Without including any pictures, copy every line below exactly.

============

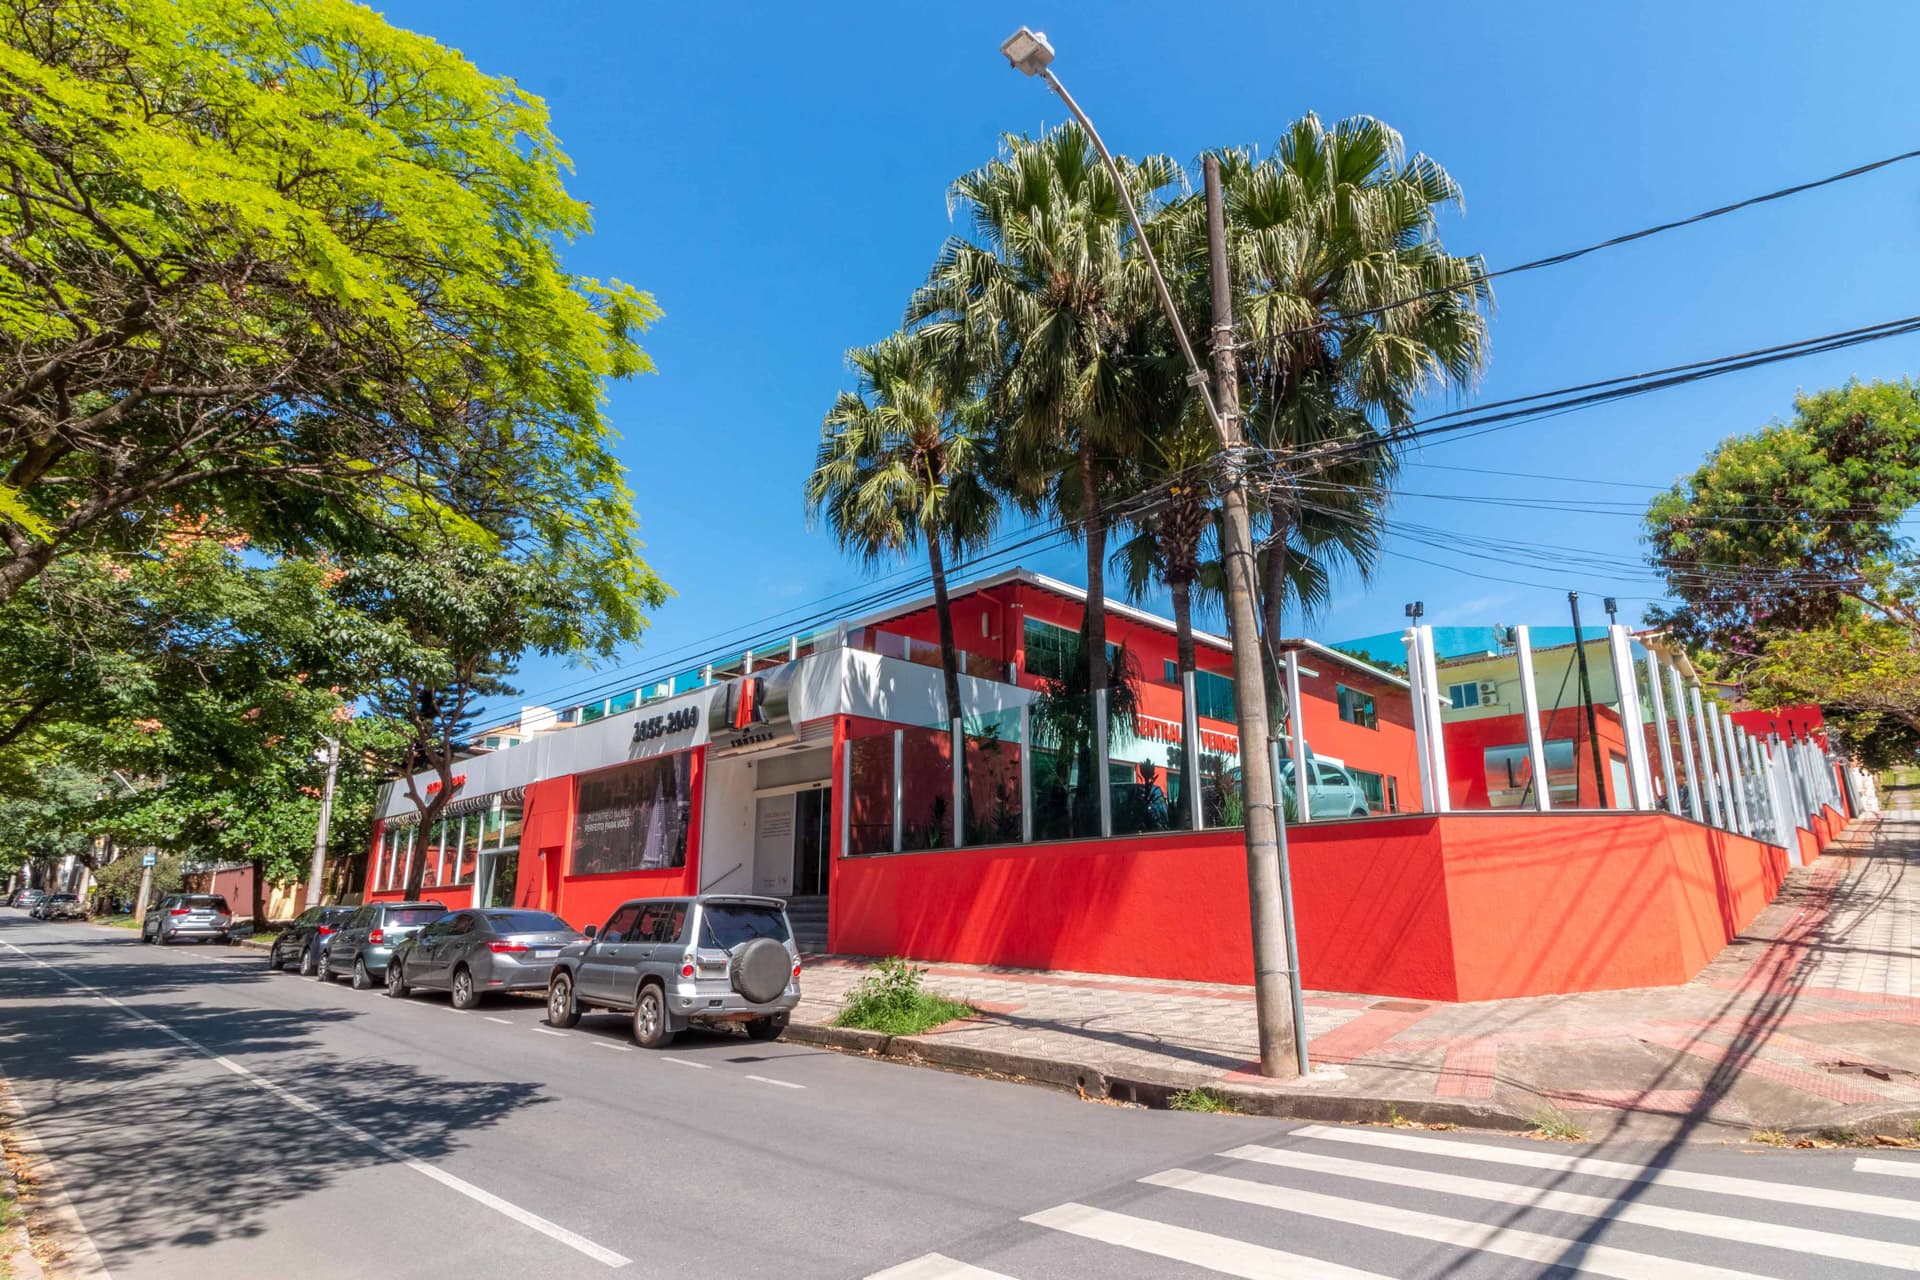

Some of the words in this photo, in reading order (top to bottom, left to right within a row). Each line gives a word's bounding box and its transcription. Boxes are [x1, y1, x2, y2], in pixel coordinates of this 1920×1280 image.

[1200, 731, 1238, 755] VENDAS
[584, 821, 604, 833] PERFEITO
[605, 819, 617, 831] PARA
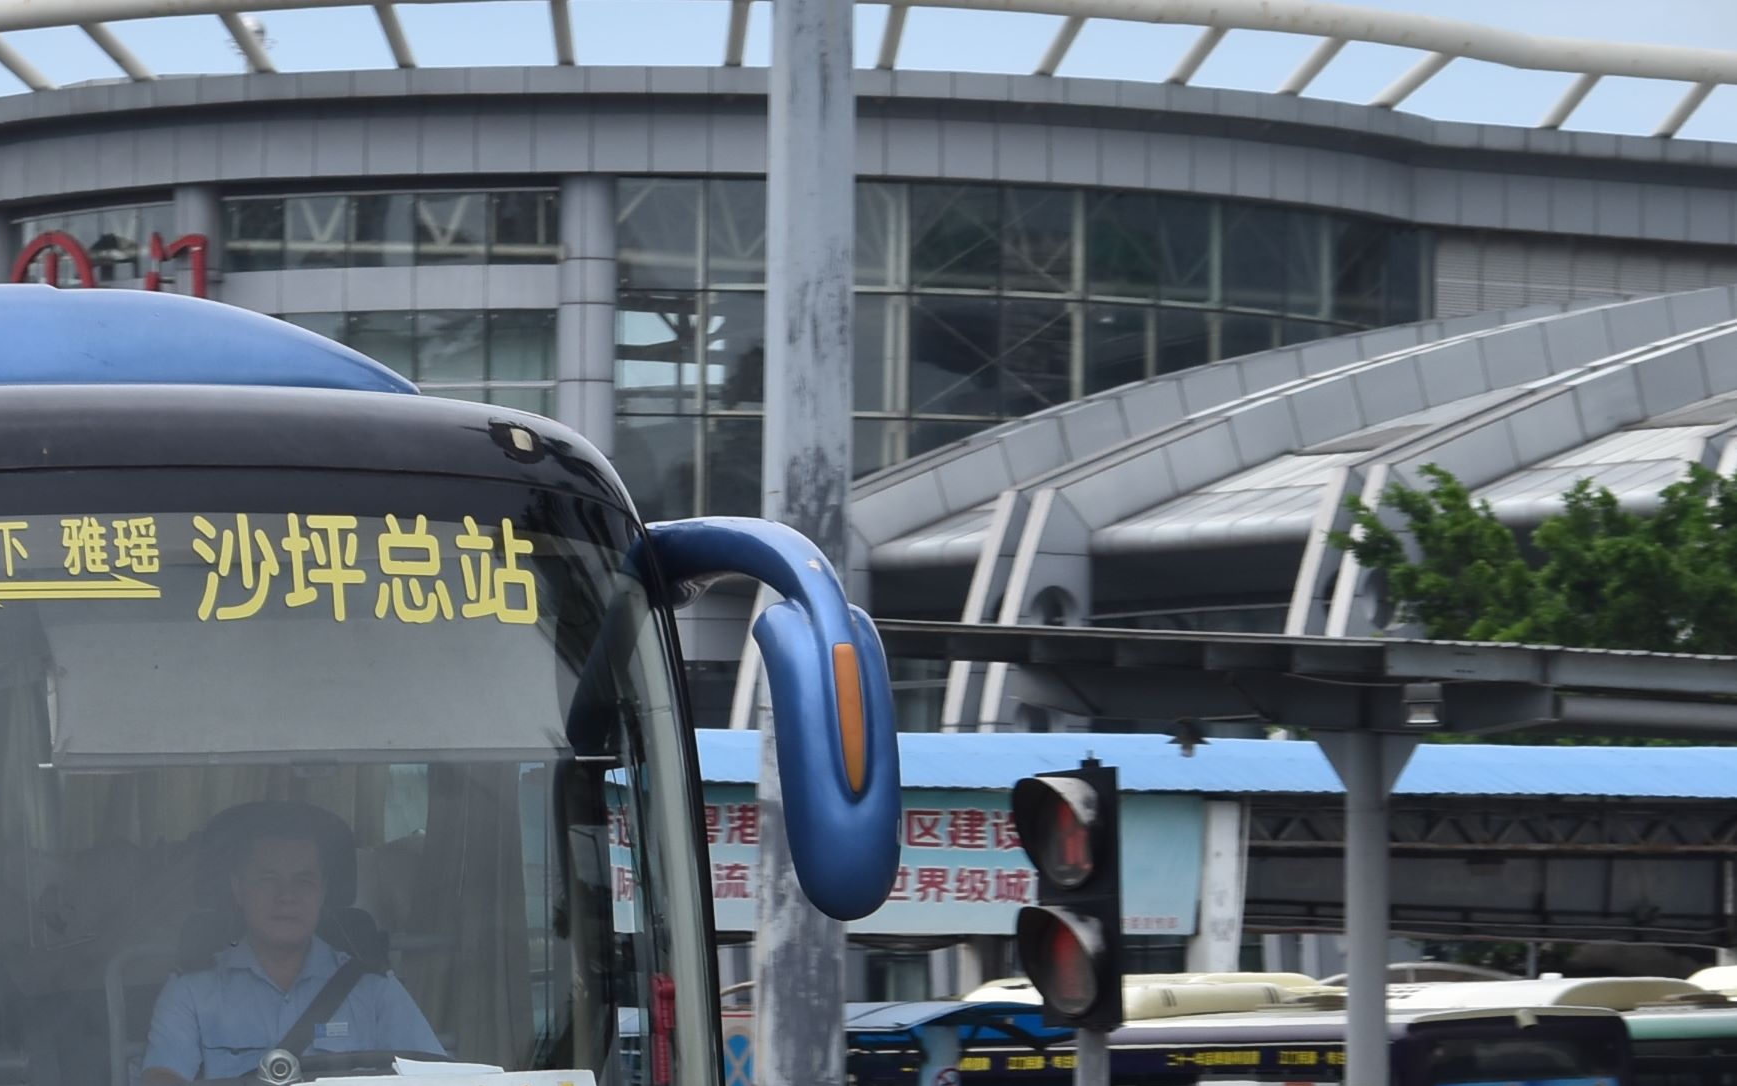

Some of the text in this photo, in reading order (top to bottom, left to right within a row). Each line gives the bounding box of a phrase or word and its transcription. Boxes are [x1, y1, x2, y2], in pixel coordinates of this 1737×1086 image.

[60, 515, 160, 576] 雅瑶
[193, 513, 538, 624] 沙坪总站
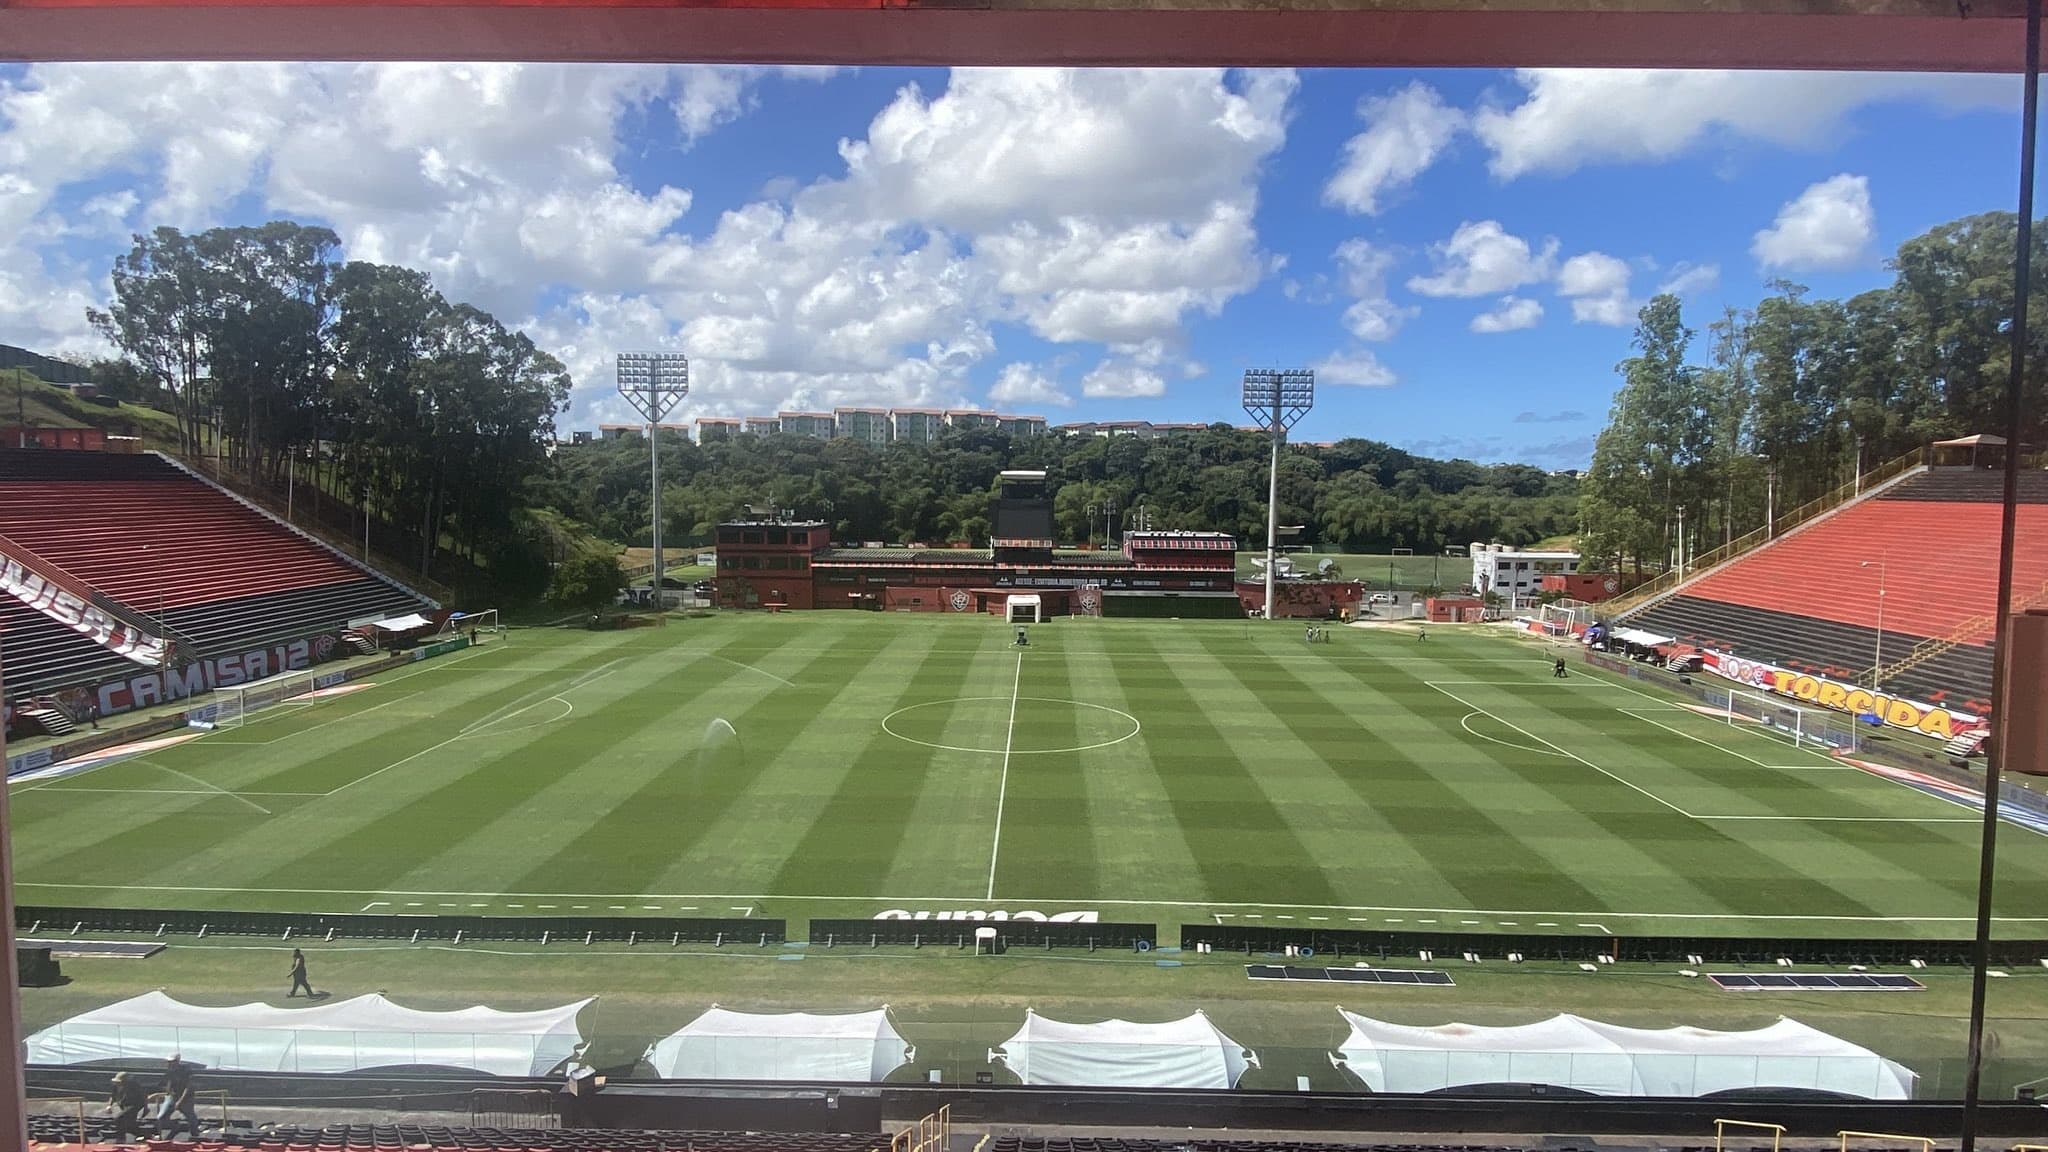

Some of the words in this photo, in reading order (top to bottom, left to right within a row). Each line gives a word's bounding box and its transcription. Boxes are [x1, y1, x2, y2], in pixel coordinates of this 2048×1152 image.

[98, 649, 269, 716] CAMISA
[275, 639, 309, 672] 12
[1773, 670, 1953, 739] TORCIDA

============

▶ [RESULT OF THIS EXERCISE]:
Some of the words in this photo, in reading order (top to bottom, left to right within a row). Each line gives a word's bounding box and its transcription. Boxes are [x1, y1, x2, y2], in pixel coordinates of this 1920×1280 image.

[1200, 731, 1238, 755] VENDAS
[584, 821, 604, 833] PERFEITO
[605, 819, 617, 831] PARA

Some of the text in this photo, in reading order (top to bottom, left to right within a row). Each line gives the bounding box of a phrase or word and its transcription. Boxes are [x1, y1, x2, y2], in pixel coordinates of this 1737×1086 image.

[60, 515, 160, 576] 雅瑶
[193, 513, 538, 624] 沙坪总站

Some of the words in this photo, in reading order (top to bottom, left to right within a row). Each line gives a word's bounding box and its transcription. Boxes are [x1, y1, x2, y2], in pixel coordinates of this 2048×1152 image.

[98, 649, 269, 716] CAMISA
[275, 639, 309, 672] 12
[1773, 670, 1953, 739] TORCIDA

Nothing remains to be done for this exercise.